Multiple Sites of Action Potential Initiation Increase
Neuronal Firing Rate. J. Neurophysiol. 86: 1226-1236, 2001. Sensory input to an individual interneuron or motoneuron
typically evokes activity at a single site, the initial segment, so
that firing rate reflects the balance of excitation and inhibition there. In a network of cells that are electrically coupled, a sensory
input produced by appropriate, localized stimulation can cause impulses
to be initiated in several places. An example in the leech is the chain
of S cells, which are critical for sensitization of reflex responses to
mechanosensory stimulation.
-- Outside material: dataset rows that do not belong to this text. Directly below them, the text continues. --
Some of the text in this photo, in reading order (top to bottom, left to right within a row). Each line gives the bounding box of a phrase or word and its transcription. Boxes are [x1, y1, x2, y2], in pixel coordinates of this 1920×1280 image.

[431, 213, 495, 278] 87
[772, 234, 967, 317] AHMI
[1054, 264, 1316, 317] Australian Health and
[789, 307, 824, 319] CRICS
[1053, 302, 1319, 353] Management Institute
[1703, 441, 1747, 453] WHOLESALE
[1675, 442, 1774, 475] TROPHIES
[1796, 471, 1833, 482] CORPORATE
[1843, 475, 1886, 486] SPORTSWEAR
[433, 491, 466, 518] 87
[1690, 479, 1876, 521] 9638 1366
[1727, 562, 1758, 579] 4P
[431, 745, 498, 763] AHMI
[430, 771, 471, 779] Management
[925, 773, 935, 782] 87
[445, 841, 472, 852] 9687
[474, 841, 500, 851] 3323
S cells, one per segment, form an
electrically coupled chain extending the entire length of the CNS. Each
S cell receives input from mechanosensory neurons in that segment.
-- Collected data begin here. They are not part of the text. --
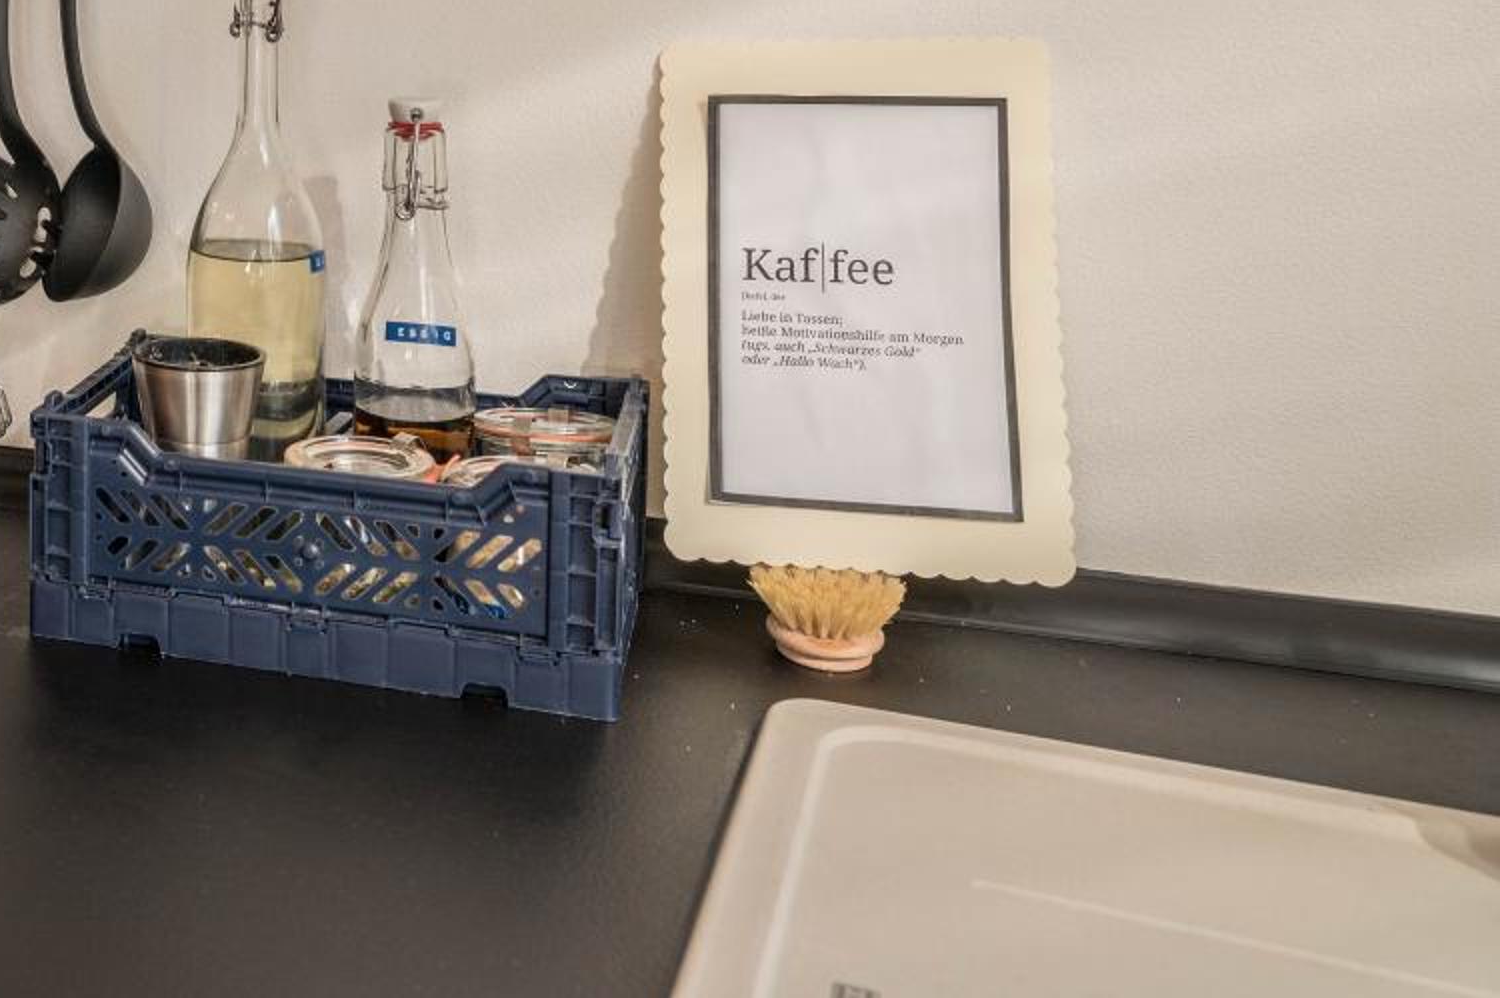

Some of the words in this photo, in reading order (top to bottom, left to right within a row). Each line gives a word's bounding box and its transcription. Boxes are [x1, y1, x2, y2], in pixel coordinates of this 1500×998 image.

[741, 310, 777, 323] Liebe
[779, 312, 793, 323] in
[781, 326, 885, 342] Motivationshilfe
[889, 333, 909, 343] am
[913, 332, 964, 347] Morgen
[774, 342, 805, 353] auch
[741, 354, 771, 365] oder
Because impulses can arise in any S cell and can reliably propagate
throughout the chain, all the S cells behave like a single neuron with
multiple initiation sites. In the present experiments, well-defined
stimuli applied to a small area of skin evoked mechanosensory action
potentials that propagated centrally to several segments, producing S
cell impulses in those segments. Following pressure to the skin,
impulses arose first in the S cell of the same segment as the stimulus,
followed by impulses in S cells in other segments. Often four or five
separate initiation sites were observed. This timing of impulse
initiation played an important role in increasing the frequency of
firing. Impulses arising at different sites did not usually collide but added to the total firing rate of the chain. A computational model is
presented to illustrate how mechanosensory neurons distribute the
effects of a single sensory stimulus into spatially and temporally separated synaptic input. The model predicts that changes in impulse propagation in mechanosensory neurons can alter S cell frequency of
firing by changing the number of initiation sites.